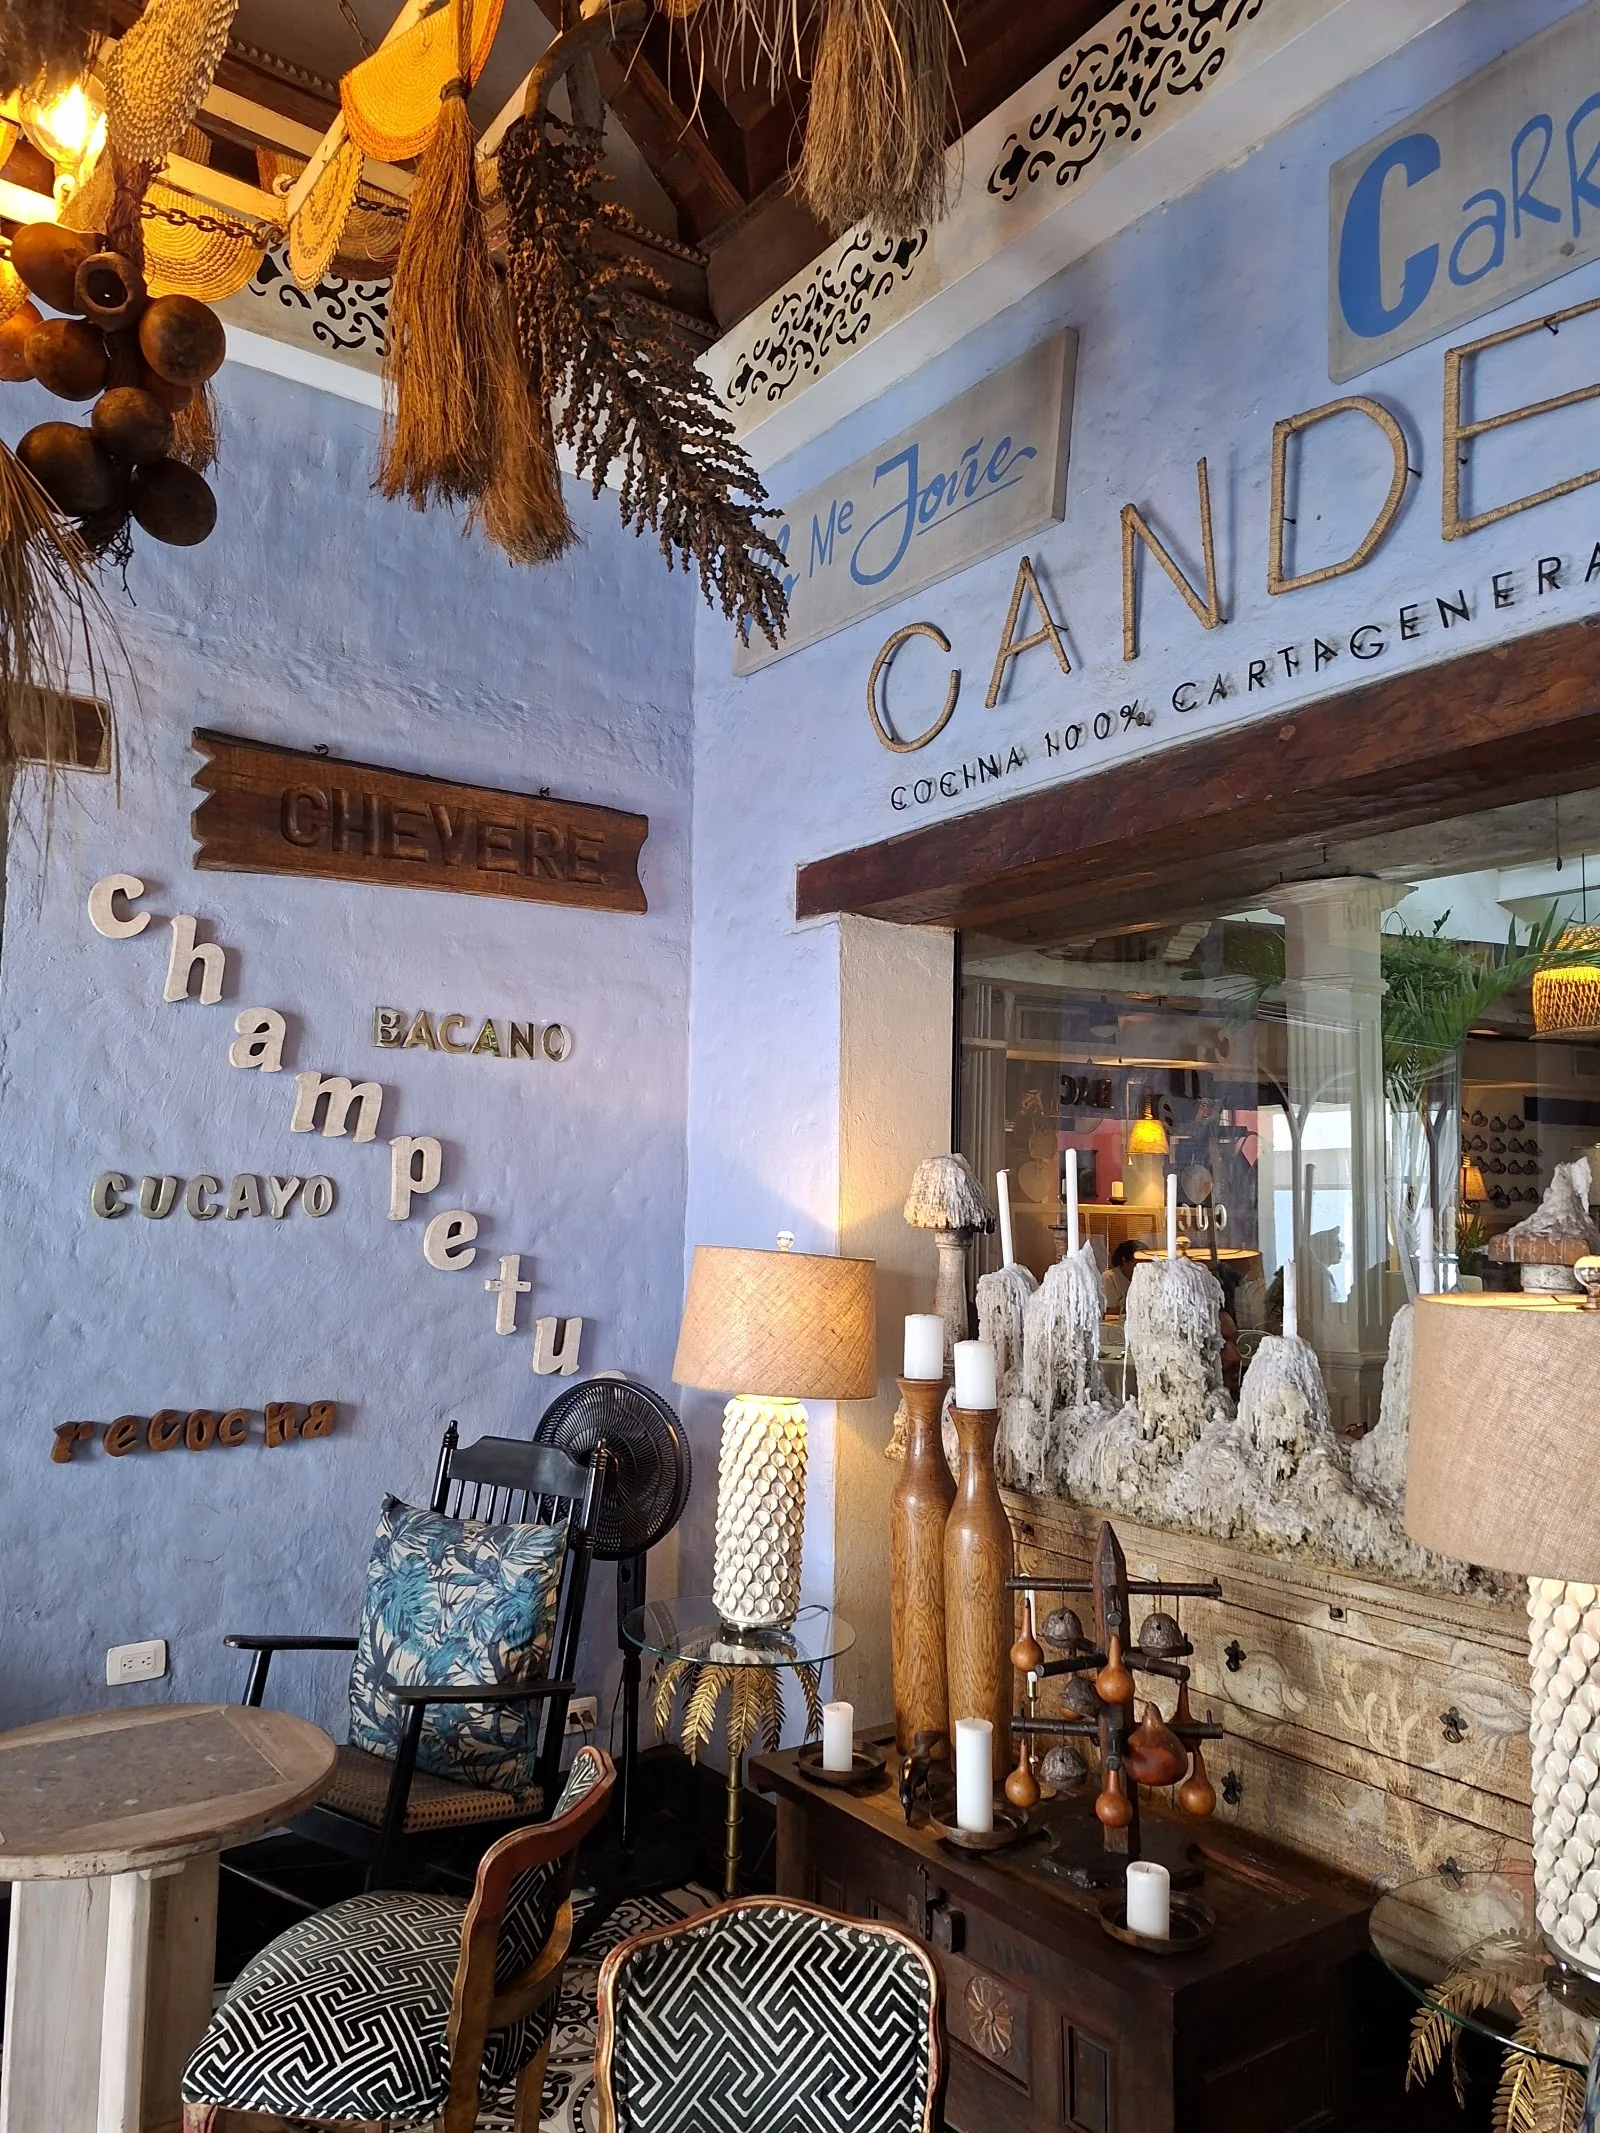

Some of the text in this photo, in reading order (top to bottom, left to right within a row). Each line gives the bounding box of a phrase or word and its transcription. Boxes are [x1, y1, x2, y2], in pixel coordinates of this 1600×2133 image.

[809, 499, 854, 578] Me
[891, 541, 1600, 810] COCINA 100% CARTAGENERA
[279, 782, 607, 885] CHEVERE
[372, 1006, 573, 1062] BACANO
[91, 1171, 334, 1221] CUCAYO
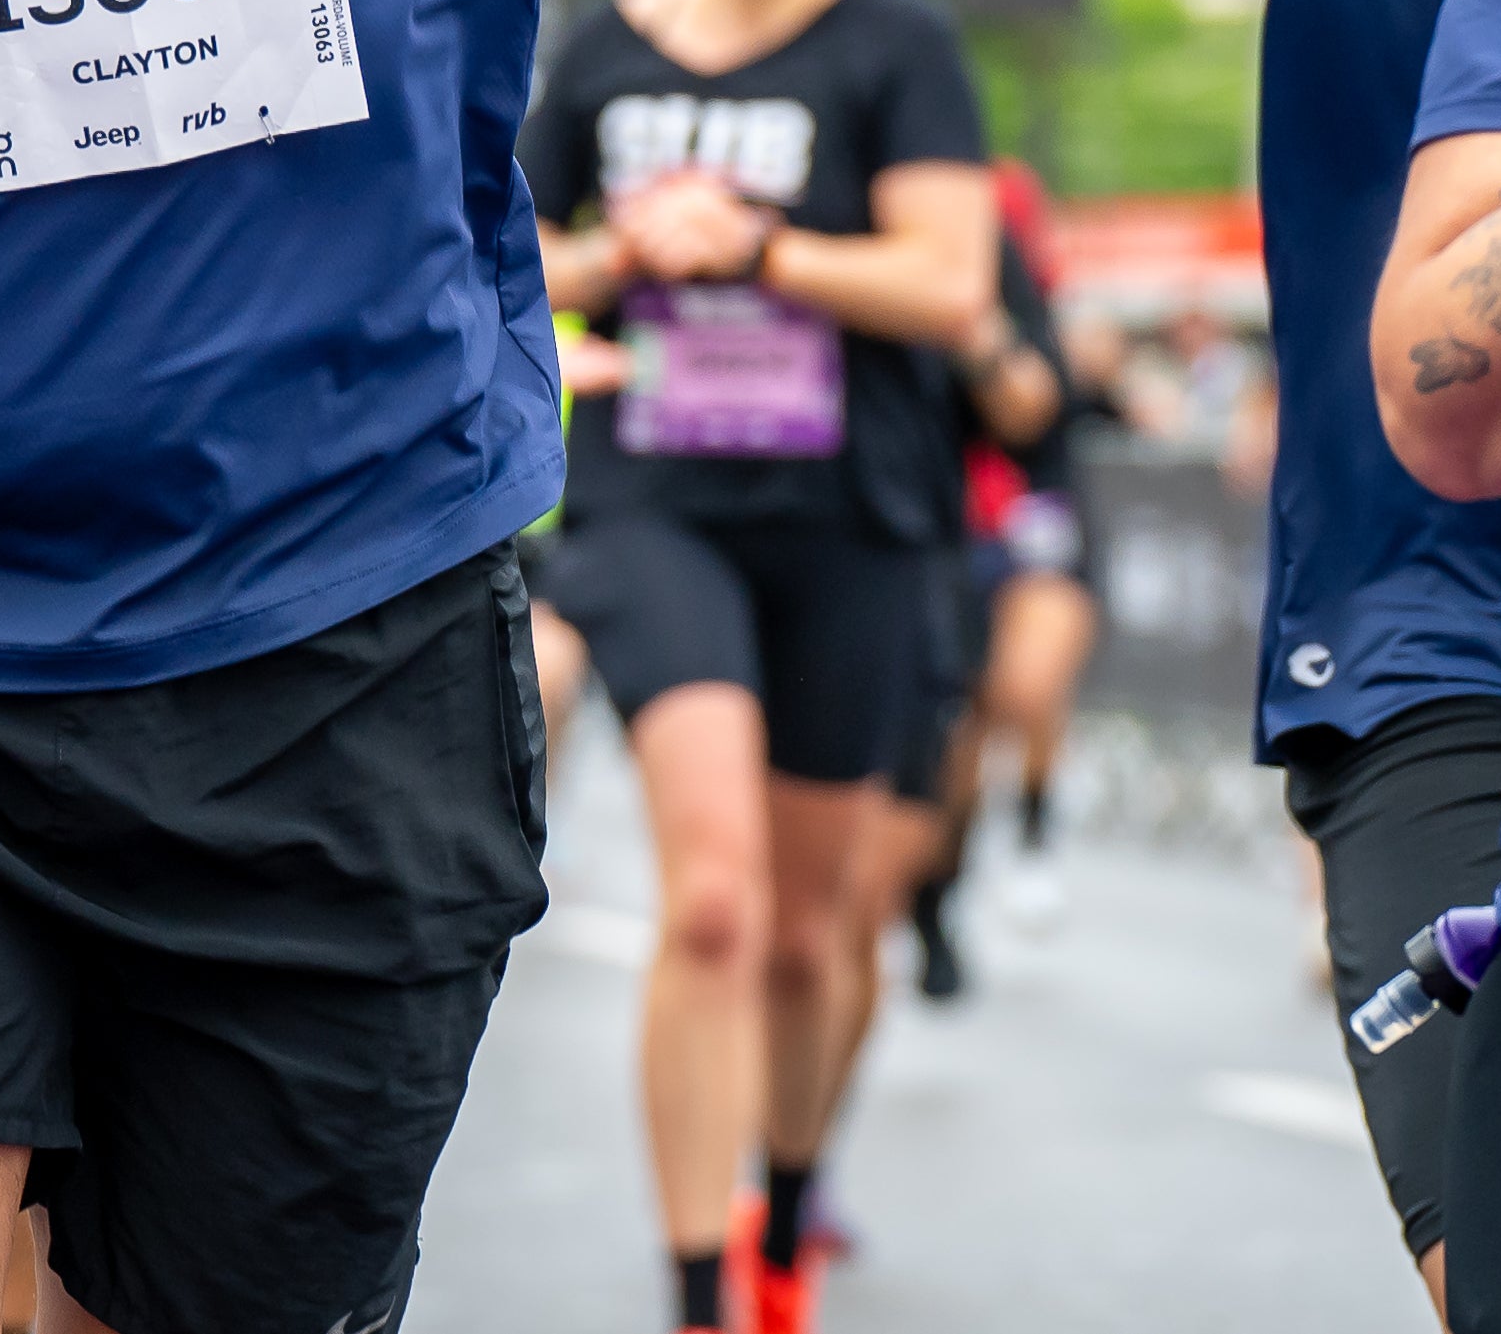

What you should do:
Pictures included in the data should be dropped; everything else must be repeated exactly.

Response area:
Some of the text in this photo, in reading order (top to bottom, left to right within a row). Each line gives the bounding box of a phrase or word and its transcription. Boxes are [x1, y1, x2, y2], in pixel coordinates of this 1600×2133 image.

[809, 499, 854, 578] Me
[891, 541, 1600, 810] COCINA 100% CARTAGENERA
[279, 782, 607, 885] CHEVERE
[372, 1006, 573, 1062] BACANO
[91, 1171, 334, 1221] CUCAYO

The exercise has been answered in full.